DESCRIPTION OF PLAN (Continued)

Distributions
Upon a vested participant’s termination, the value of his or her account will be distributed if the value of the account is less than $1,000 or, at the participant’s option, either immediately or at any valuation date until retirement, as provided in the ESOP.  A retiree may elect to defer distribution up to 70 ½ years of age.  The account of a participant who is not a 5% owner and who has not separated from service but has attained the age of 70 ½ will commence distribution unless the participant elects to defer distribution until employment ceases.  Valuation dates for distributions are September 30 or March 31.

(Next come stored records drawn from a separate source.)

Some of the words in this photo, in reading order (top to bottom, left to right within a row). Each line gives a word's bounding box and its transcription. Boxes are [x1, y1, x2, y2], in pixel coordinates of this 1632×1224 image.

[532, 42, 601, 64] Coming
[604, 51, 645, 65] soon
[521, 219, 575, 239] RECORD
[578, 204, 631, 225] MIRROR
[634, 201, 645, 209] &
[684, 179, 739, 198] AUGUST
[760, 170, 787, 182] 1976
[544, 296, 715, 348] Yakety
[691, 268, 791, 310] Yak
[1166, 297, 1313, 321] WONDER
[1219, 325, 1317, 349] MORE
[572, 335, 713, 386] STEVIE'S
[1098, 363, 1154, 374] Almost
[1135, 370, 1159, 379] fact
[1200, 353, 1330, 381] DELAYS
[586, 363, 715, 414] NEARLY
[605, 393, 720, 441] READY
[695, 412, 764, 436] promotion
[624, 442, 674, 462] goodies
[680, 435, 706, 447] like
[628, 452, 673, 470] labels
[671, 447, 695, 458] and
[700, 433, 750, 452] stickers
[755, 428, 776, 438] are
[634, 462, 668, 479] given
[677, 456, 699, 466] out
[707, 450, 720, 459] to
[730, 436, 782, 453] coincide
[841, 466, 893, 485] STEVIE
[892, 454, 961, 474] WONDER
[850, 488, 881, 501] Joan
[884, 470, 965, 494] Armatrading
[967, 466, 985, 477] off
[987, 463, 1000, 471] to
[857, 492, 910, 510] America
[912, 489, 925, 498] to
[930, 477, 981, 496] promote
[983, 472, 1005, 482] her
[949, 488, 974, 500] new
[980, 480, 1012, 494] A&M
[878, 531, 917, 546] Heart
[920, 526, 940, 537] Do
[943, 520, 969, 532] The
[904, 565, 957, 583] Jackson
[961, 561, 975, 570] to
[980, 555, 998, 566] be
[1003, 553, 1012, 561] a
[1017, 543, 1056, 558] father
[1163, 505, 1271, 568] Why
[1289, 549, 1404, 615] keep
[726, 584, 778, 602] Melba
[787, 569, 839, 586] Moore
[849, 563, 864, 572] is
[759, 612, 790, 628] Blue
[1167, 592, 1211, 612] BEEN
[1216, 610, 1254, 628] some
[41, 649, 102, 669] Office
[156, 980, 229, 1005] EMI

During the year ended March 31, 2009, $1,186,316, which includes 43,369 shares, was distributed to vested participants in cash and stock certificates ($1,125,713, or 48,625 shares, distributed in the year ended March 31, 2008).  This resulted in the sale of 47 shares held by the ESOP back to the Company for $1,330 during the year ended March 31, 2009 as a result of fractional shares (47 shares for $1,087 in the year ended March 31, 2008).  As of March 31, 2009 and 2008, $250,194 and $668,517, respectively, is included in the ESOP assets for terminated participants who had requested distributions and were awaiting the updated valuation at March 31, 2009 to receive them.

Forfeiture of a nonvested interest shall occur in the fifth consecutive calendar year following a break in service.  The forfeited accounts will be allocated among the accounts of active participants.  At March 31, 2009 and 2008, the ESOP assets include $19,943 and $63,750, respectively, of undistributed forfeited accounts.

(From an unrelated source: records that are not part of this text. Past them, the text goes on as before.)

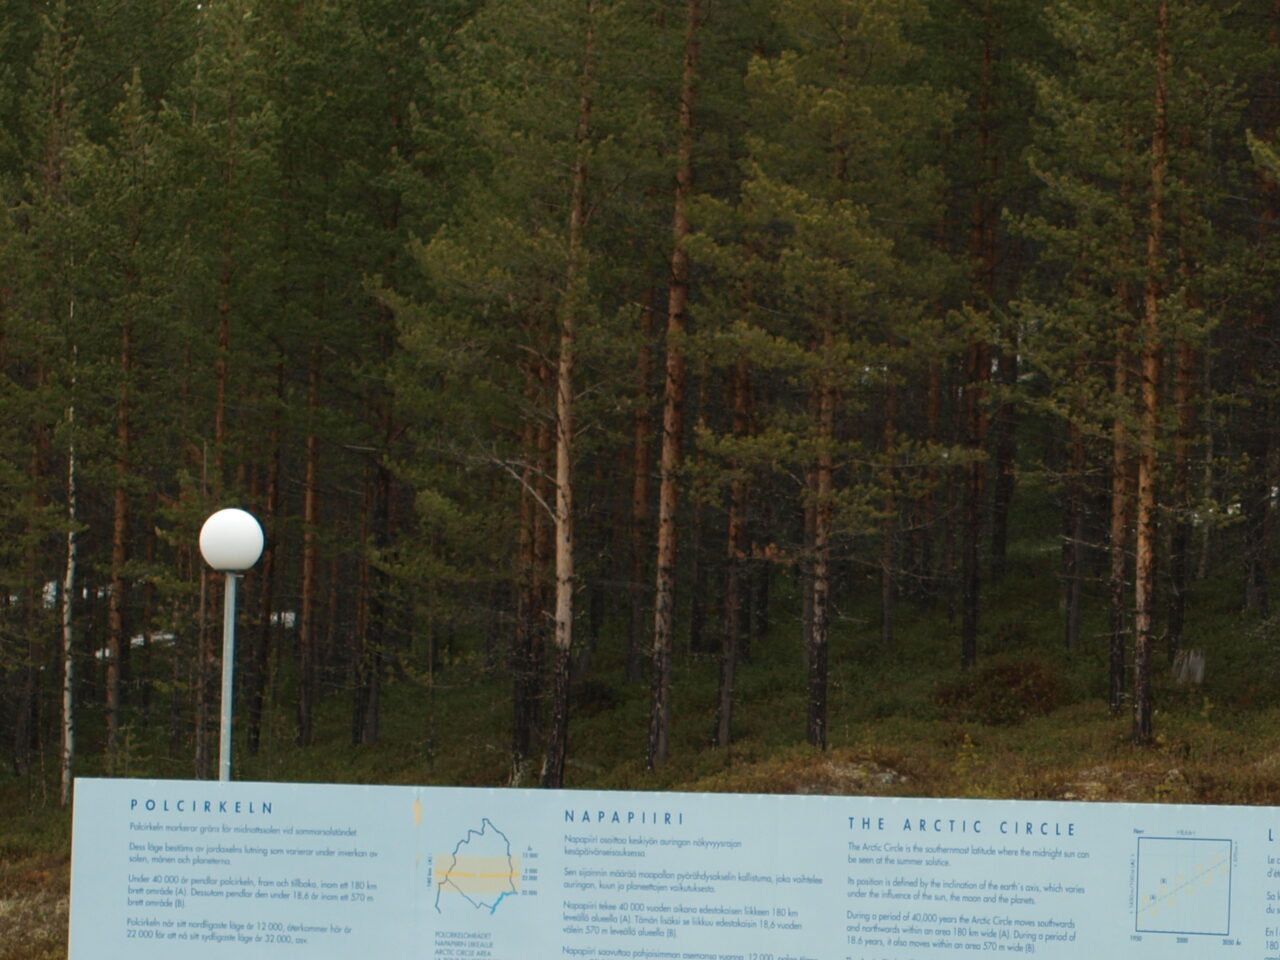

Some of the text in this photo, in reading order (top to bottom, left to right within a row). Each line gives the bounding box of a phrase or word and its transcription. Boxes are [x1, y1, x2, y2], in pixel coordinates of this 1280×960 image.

[130, 798, 274, 815] POLCIRKELN
[564, 810, 685, 825] NAPAPIIRI
[848, 817, 1077, 836] THE ARCTIC CIRCLE
[848, 841, 860, 850] The
[862, 841, 881, 851] Arctic
[883, 842, 903, 851] Circle
[912, 843, 923, 852] the
[971, 845, 996, 855] latitude
[997, 846, 1018, 855] where
[1020, 847, 1030, 856] the
[1032, 847, 1062, 859] midnight
[884, 855, 894, 864] the
[856, 876, 882, 887] position
[892, 877, 918, 886] defined
[930, 879, 940, 887] the
[942, 879, 977, 889] inclination
[988, 881, 998, 889] the
[1043, 883, 1063, 892] which
[1065, 884, 1084, 893] varies
[848, 889, 866, 897] under
[868, 890, 879, 898] the
[882, 890, 911, 899] influence
[922, 891, 932, 900] the
[950, 893, 960, 901] the
[982, 894, 996, 902] and
[998, 894, 1008, 902] the
[847, 910, 870, 921] During
[878, 911, 900, 923] period
[938, 916, 957, 925] years
[958, 914, 969, 923] the
[971, 915, 990, 924] Arctic
[992, 916, 1012, 925] Circle
[1037, 918, 1074, 928] southwards
[846, 922, 860, 931] and
[861, 923, 900, 933] northwards
[902, 925, 922, 934] within
[954, 927, 966, 936] 180
[980, 928, 996, 937] wide
[1013, 930, 1036, 941] During
[1044, 931, 1067, 942] period

Allocation of Participant Accounts
As of each March 31 valuation date, each participant account is appropriately adjusted to reflect any contributions or stock to be allocated as of such date, as well as Plan income and any increase or decrease in the fair market value of the Plan’s assets during the period.  The allocation of contributions is based on the fraction, the numerator of which is the participant’s annual earnings for such calendar year and the denominator of which is the aggregate annual earnings for such calendar year of all entitled to an allocation.

Dividends
 
Dividends paid on stock allocated to a participant’s stock account will be allocated to the participant’s nonstock account.  The Company’s Benefits Committee may direct that such dividends shall be either (a) paid directly to the participant, former participant, or beneficiary within 90 days after the close of the plan year in which such dividend was paid, or (b) applied as payment on the exempt loans.  Dividends paid on unallocated stock held by the trustee and acquired with the proceeds of an exempt loan shall be held by the trustee until the end of the plan year in which it was paid, and then, along with any interest or earnings, be applied as payment on the exempt loans which shall trigger a release of stock from the suspense account.  No dividends were paid on the Company’s common stock, including shares held by the Plan, during the years ended March 31, 2009 and 2008.

Voting Rights
 
Each participant is entitled to exercise voting rights attributable to the shares allocated to his or her account and is notified by the trustee prior to the time that such rights are to be exercised.  The trustee is not permitted to vote any allocated share for which instructions have not been given by a participant.  The trustee is required, however, to vote any unallocated shares on behalf of the collective best interest of plan participants and beneficiaries.




 
6

 

1.
DESCRIPTION OF PLAN (Continued)

Put Option
Pursuant to Federal income tax requirements, the Plan contains a put option that is exercisable by Plan participants in situations where Company stock is no longer traded on an established securities market.  Specifically, the put option is a right of the participants to require that the Company buy any shares of its stock distributed to participants when there is no market for the trading of such shares.  The price paid in the event the put option is exercised shall be representative of the fair market value of such stock.  If the distribution is a total distribution of the participant’s account, payment shall be made in five substantially equal annual payments, including interest.  If the distribution is not a total distribution, payment shall be made no later than 30 days after the participant exercises the put option.

 
Diversification
In accordance with the Plan document, employees who have attained 55 years of age and ten years of participation in the Plan have the option to diversity the investments in their stock accounts by selling a specified percentage of their shares at the current market value and transferring the sale proceeds to another defined contribution plan maintained by the Company.  Diversification is offered to each eligible participant over a six-year period.  In each of the first five years, a participant may diversify up to 25 percent of the number of post-1986 shares allocated to his or her account, less any shares previously diversified.  In the sixth year, the percentage changes to 50 percent.  For the years ended March 31, 2009 and 2008, $221,620 and $395,132, respectively, had been transferred to the Company’s Thrift 401(k) Plan.


2.
SUMMARY OF SIGNIFICANT ACCOUNTING POLICIES

 
Basis of Accounting
 
The accompanying financial statements of the Plan are prepared on the accrual basis of accounting.

 
Use of Estimates
 
The preparation of financial statements in conformity with generally accepted accounting principles requires management to make estimates that affect the reported amounts of assets and liabilities and changes therein, and disclosure of contingent liabilities.  Actual results could differ from those estimates.

 
Benefit Payments
 
Benefits are recorded when paid.

Investment Valuation and Income Recognition
 
The common shares of the Company are valued at estimated fair value on March 31, 2009 and 2008.  Fair value is the price that would be received to sell an asset or paid to transfer a liability in an orderly transaction between market participants at the measurement date.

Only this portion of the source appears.